Great points both. I think subconsciously I had also done the risk-benefit analysis and concluded that GitHub was too useful to give up - hence most of my code is over there. I think it’s worth keeping on eye on places like Codeberg though as they seem to be rapidly maturing. E.g. I notice you can host static sites, but CI/Actions looks quite faffy.
You can also reduce your reliance on GitHub in some ways, while still taking advantage of what they have to offer. If you host the docs on readthedocs, you’re not as reliant on gh pages, and if you publish releases to Zenodo you can always migrate the repo as needed (and you get a DOI for your code!).
@wschwanghart had some conversations when I came on board TopoToolbox about code hosting, and we came to more or less the same conclusions. The network effects are also really strong: a lot of potential contributors are already on GitHub, and you don’t have to convince them to sign up for another service or learn a new workflow.
The University of Potsdam does have a GitLab instance, but I believe you can only access it if you are affiliated with a German university, which rules that out for any kind of international collaboration.
A good thing about git is that it is naturally distributed and doesn’t depend on a single hosting provider. If Microsoft suddenly didn’t want us to use GitHub anymore it would take like 10 minutes to move our code to another hosting provider.
Of course, we would lose all the conversation in our issues/pull requests and our CI configuration. I would like to make our CI setup depend less on GitHub Actions specific tooling, by moving more of the setup into our build system, for example.
Do you all try to capture and store issue/PR discussions outside of GitHub in any way?
At least at TU Delft it’s at least possible to create accounts for external contributors. However, it does add an extra barrier, as you need a contact person at the university. You even need to have a login to be able to open an issue . Also, gitlab enterprise apparently has the same vendor lock-in problem that Github has (issues etc. are still proprietary code).
In what way do you see it becoming non-viable? Non-viable because MS will end up having to charge for it (and poor FOSS people won’t be able to afford it)? Or non-viable because MS will decide it’s not worth (profitable enough) maintaining? Or another reason? I don’t disagree, just curious what you see the main drivers as being.
Seeing the current state of the US I would like to revisit this topic
I’ve had another good look at codeberg, and for some of our projects I think we could definitely move over to codeberg.

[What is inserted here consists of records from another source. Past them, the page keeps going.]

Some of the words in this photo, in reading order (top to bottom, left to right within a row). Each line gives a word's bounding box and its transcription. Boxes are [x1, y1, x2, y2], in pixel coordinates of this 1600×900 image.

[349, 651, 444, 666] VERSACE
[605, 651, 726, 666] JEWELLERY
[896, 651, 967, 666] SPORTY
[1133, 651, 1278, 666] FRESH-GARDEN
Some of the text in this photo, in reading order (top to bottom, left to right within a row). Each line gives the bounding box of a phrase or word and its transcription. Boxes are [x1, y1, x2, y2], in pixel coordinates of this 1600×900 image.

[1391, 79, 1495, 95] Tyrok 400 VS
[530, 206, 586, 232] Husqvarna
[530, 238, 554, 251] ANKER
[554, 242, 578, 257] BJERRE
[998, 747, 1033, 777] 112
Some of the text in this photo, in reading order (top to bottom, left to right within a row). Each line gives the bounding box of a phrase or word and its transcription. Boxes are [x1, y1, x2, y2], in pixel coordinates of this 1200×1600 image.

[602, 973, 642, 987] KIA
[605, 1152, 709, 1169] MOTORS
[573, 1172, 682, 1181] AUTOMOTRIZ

Codeberg has some free CI runners, although you will need to request access. And there are stricter time/resource limits than on GitHub. But for simple CI it should be OK.

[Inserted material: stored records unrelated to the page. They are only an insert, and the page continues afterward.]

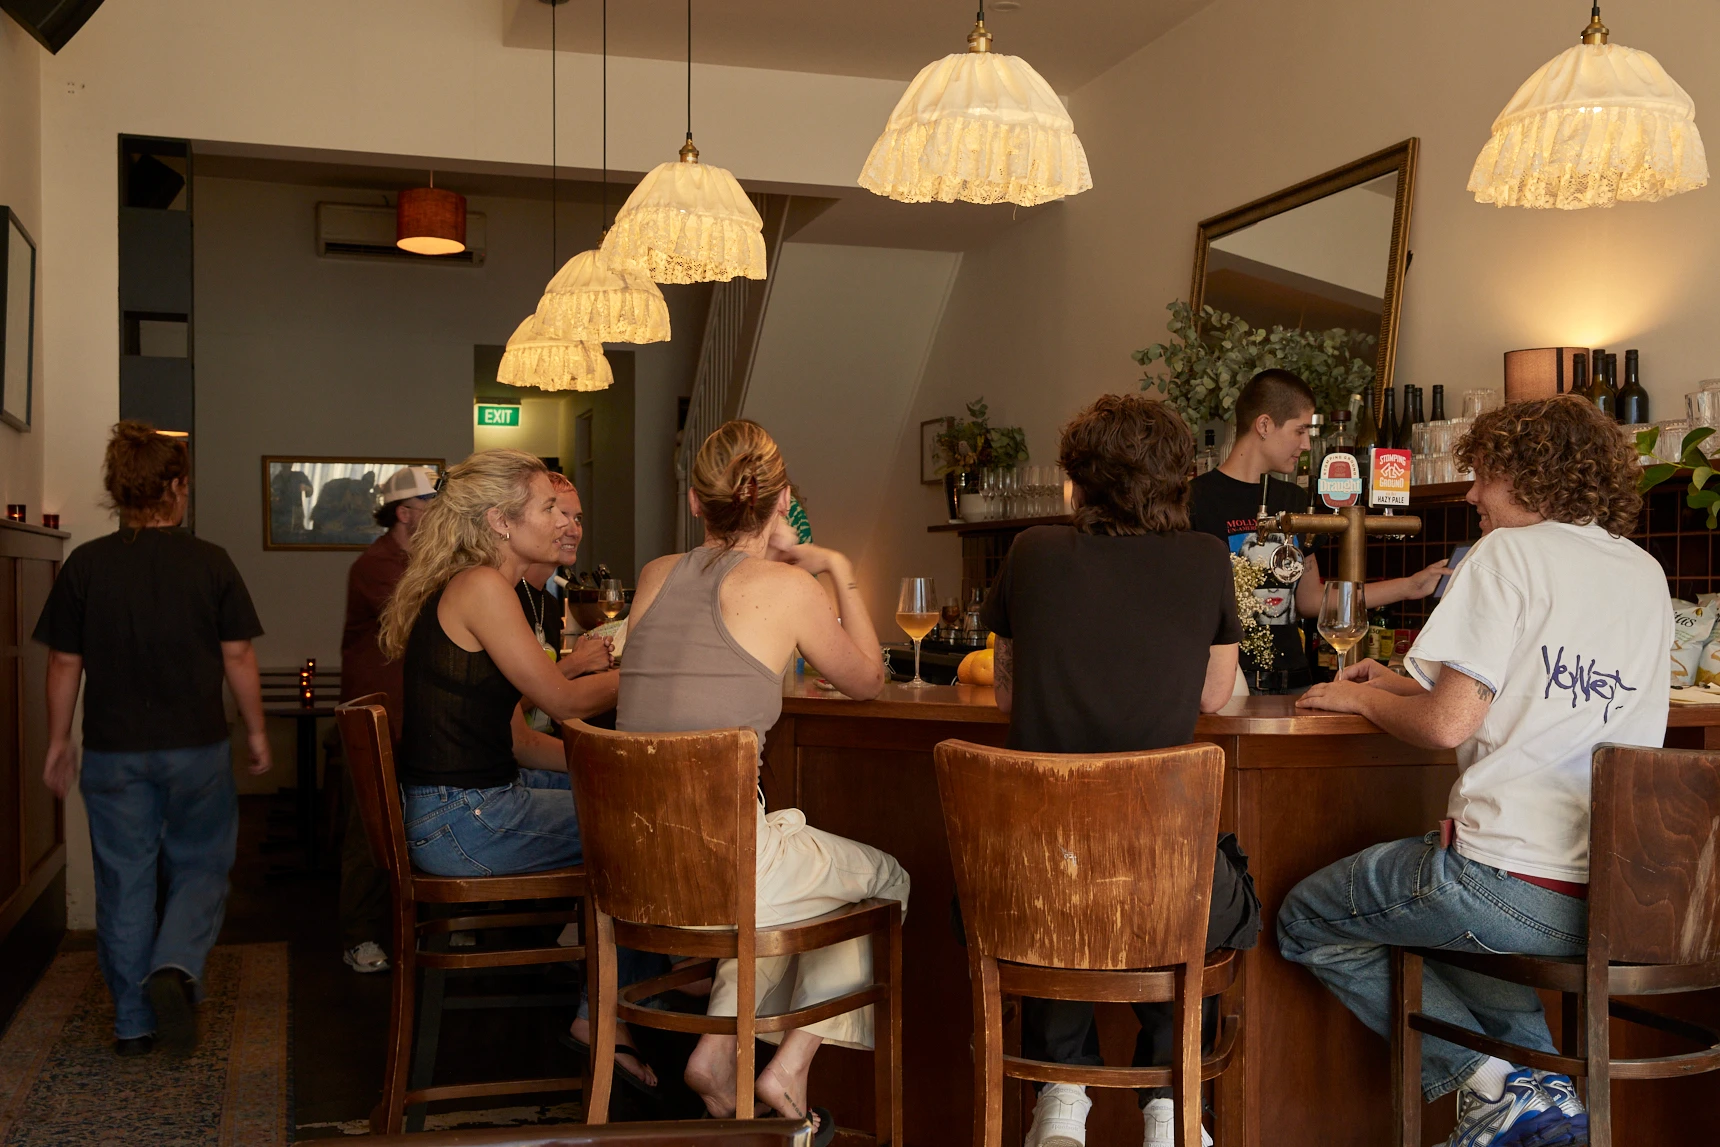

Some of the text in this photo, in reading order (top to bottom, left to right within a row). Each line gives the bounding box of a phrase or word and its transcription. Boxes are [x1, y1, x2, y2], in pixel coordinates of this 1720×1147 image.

[485, 409, 513, 424] EXIT
[1323, 455, 1357, 476] STOMPING GROUND
[1379, 454, 1406, 466] STOMPING
[1319, 479, 1361, 493] Draught
[1379, 477, 1404, 489] GROUND
[1377, 495, 1405, 504] HAZY PALE
[1226, 519, 1258, 527] MOLLY

Codeberg pages sadly isn’t in a good state at the moment. Hopefully this can improve soon. However, if you want to host docs readthedocs is still a good free option.

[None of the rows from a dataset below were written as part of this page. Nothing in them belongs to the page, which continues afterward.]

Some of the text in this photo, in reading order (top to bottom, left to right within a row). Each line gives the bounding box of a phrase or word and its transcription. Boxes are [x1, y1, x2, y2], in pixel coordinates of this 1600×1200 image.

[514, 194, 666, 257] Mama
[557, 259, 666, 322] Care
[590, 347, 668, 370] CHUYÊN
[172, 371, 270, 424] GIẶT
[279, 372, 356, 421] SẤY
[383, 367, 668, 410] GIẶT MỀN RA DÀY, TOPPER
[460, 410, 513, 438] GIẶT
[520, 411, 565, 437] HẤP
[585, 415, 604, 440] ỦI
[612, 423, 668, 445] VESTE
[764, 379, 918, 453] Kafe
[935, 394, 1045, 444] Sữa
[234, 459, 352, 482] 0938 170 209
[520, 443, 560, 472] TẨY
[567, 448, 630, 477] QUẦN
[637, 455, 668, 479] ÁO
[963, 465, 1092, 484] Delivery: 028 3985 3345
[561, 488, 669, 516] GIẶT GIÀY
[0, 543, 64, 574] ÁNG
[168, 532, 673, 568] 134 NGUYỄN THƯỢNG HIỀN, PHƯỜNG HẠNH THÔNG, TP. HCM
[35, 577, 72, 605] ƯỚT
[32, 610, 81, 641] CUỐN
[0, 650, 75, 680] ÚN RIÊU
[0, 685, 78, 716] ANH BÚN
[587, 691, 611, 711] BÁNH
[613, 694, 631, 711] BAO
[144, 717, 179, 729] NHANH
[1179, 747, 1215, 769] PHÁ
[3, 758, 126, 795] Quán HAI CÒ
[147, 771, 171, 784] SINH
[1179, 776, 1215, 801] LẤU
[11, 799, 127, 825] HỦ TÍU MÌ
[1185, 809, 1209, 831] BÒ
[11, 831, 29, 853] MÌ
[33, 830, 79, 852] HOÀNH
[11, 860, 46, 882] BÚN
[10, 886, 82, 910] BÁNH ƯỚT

Codeberg does support uploading packages! Although by default you’re limited to 1.5 GiB of resources.
I have now mostly focused on hosting for container images, as we would like to have to accessible somewhere long term, by an entity that’s preferably based in the EU and not a big tech company.
Next time I need to create a new repository I will put it on Codeberg. Once I have some experience I can see if my colleagues at the eScience Center can also be convinced.
Thanks for looking into this more. I think CI runners is one of the biggest barriers, so it will be interesting to know your experience with them. Most (all) of my CI workflows are “simple”, so maybe Codeberg is already suitable for me.
I do use GitHub Pages though. I’ve been looking at Read the Docs for docs (mainly for easier version controlled docs), but need a solution for other static websites (e.g. this one you might be familiar with - https://eurocsdmswork.shop/).
I suppose the more people that make the jump the more likelihood of things like Codeberg Pages becomes more production ready. I might give myself a policy of “all new projects should be Codeberg unless there’s a really good reason not to”.